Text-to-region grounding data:
────────────────

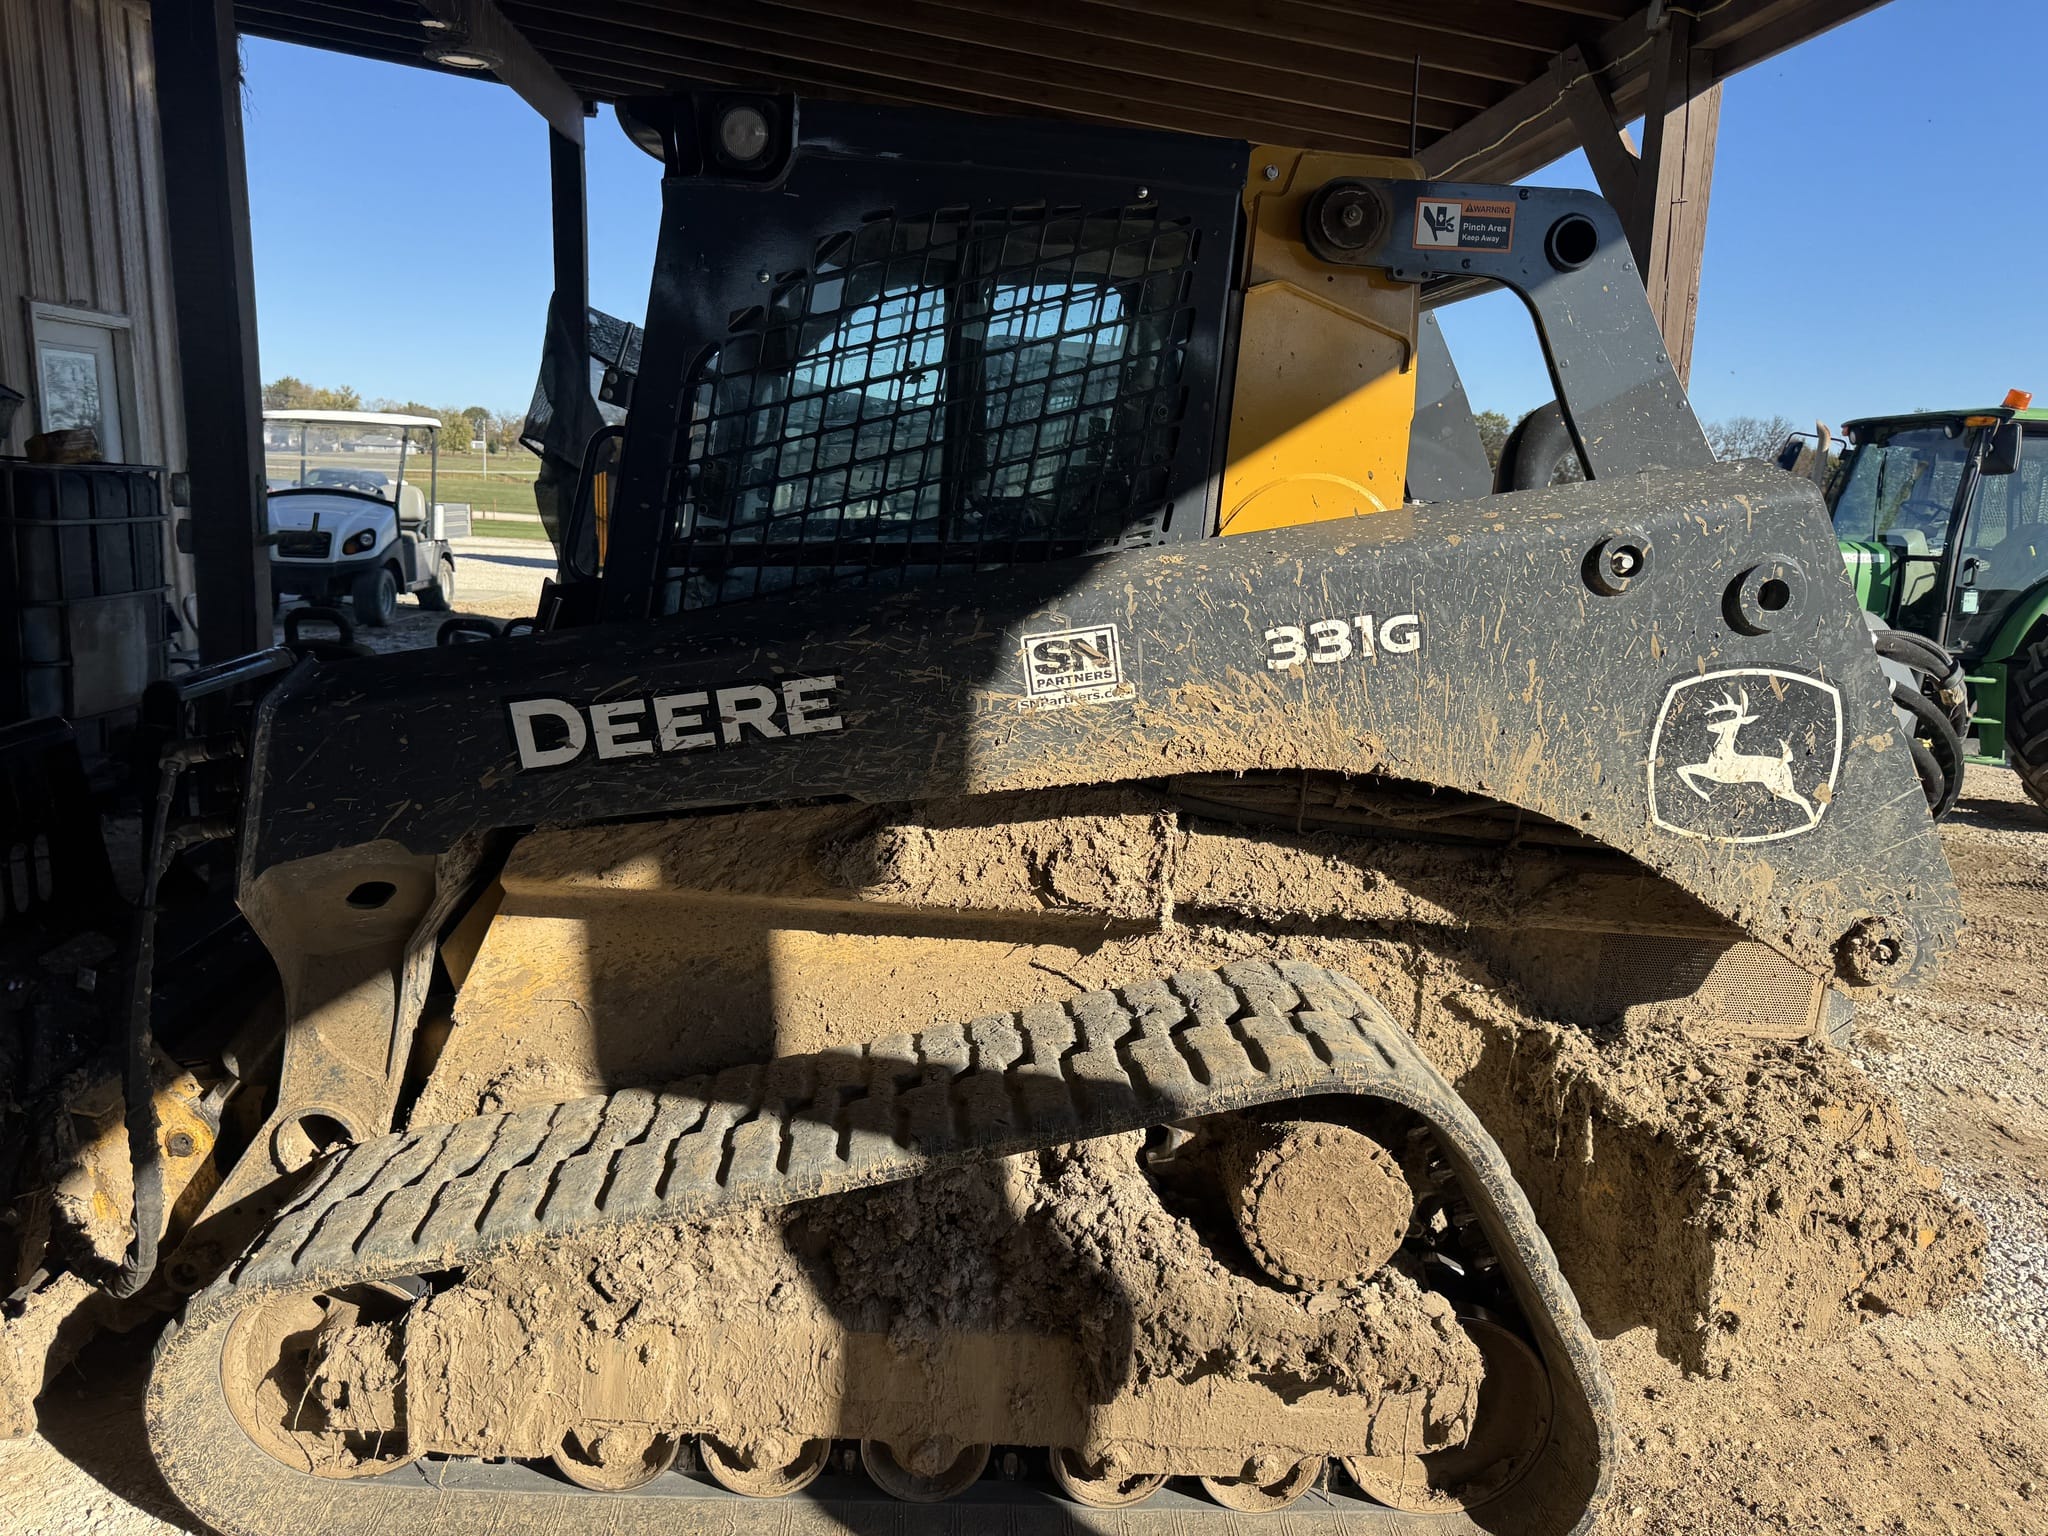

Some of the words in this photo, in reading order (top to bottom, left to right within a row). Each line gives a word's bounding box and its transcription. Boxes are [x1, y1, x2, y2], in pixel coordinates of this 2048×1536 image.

[1473, 207, 1511, 215] WARNING
[1463, 223, 1486, 232] Pinch
[1488, 224, 1507, 233] Area
[1462, 234, 1480, 242] Keep
[1481, 235, 1500, 243] Away
[1264, 614, 1420, 668] 331G
[1033, 634, 1111, 675] SN
[1037, 670, 1112, 688] PARTNERS
[1020, 690, 1132, 709] SNParters.c
[509, 675, 843, 769] DEERE

────────────────

→ About this task
All of the records above should be returned exactly, though the pictures should not.

→ Result
Some of the words in this photo, in reading order (top to bottom, left to right within a row). Each line gives a word's bounding box and its transcription. Boxes are [x1, y1, x2, y2], in pixel coordinates of this 2048×1536 image.

[1473, 207, 1511, 215] WARNING
[1463, 223, 1486, 232] Pinch
[1488, 224, 1507, 233] Area
[1462, 234, 1480, 242] Keep
[1481, 235, 1500, 243] Away
[1264, 614, 1420, 668] 331G
[1033, 634, 1111, 675] SN
[1037, 670, 1112, 688] PARTNERS
[1020, 690, 1132, 709] SNParters.c
[509, 675, 843, 769] DEERE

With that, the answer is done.